映画のSING/シング を見たので感想と考察です。

※※※ ここからはネタバレを含む可能性がありますので、作品をご覧になっていない方はご注意ください。

「SING/シング」はライブが好きな人にオススメ

ラストのライブが結構カタルシスがあっていい感じなので

ライブ好きな人にはいいんじゃないでしょうか。

ライブは一見の価値はあると思います。

得に豚のママと、ゴリラのジョニー

「SING/シング」のあらすじ

主人公のコアラ(CV:ウッチャンナンチャンの内村光良)が経営する寂れたコンサートホール。

コアラがそのホール経営を立て直すために、1000ドルの賞金とともにオーディションを開こうとする…というお話。

しかし、1000ドルの予定だった賞金が、ジムのカメレオンのおばちゃんのうっかりで10万ドル(1000万円くらい)として告知されてしまう。

それを黙ったままオーディションを続けていく…というお話

「SING/シング」は 歌の力を感じる作品

この作品は音楽が多く登場して、それが結構いい感じに演出されてるのでそれだけでも見る価値はあると思います。

序盤の簡易オーディションから、ラストのライブまで。

キャラクターが複数登場して、みんなうだつの上がらない人生を送っていて、そんな人生の中でも音楽を愛し歌う事を愛して生活している。

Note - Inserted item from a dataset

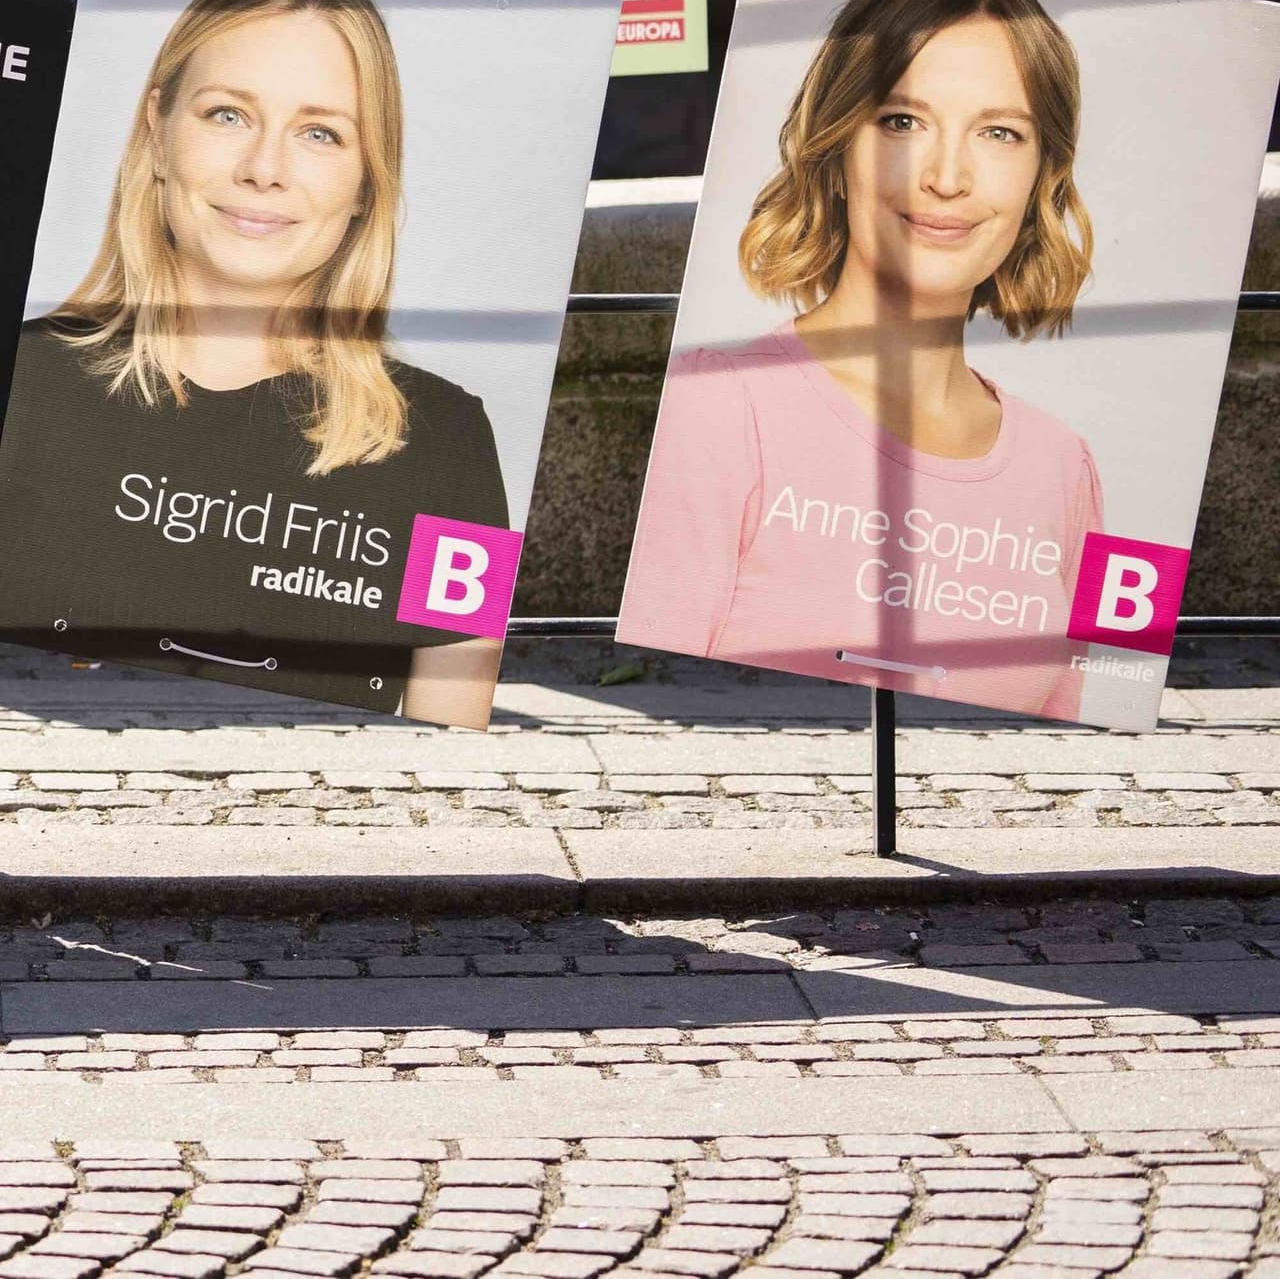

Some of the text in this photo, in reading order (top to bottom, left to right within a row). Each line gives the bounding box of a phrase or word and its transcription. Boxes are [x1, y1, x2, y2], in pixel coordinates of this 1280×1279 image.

そこで出会ったオーディションのチャンスに飛びつくという流れ。

歌のちからを作品を通して感じられるところが良かったですね。

「SING/シング」の残念なところ。

主人公が。微妙です。

主人公の動機、目的は「コンサートホールの立て直し」なんですね。

で1000ドル予定の賞金が10万ドルになってしまっていてそんなお金がないって事をオーディション参加者に隠しているわけです。まぁこれは、物語の進行上仕方ないと思う。言い出せなくなって…って流れなんで自然っちゃ自然ですし。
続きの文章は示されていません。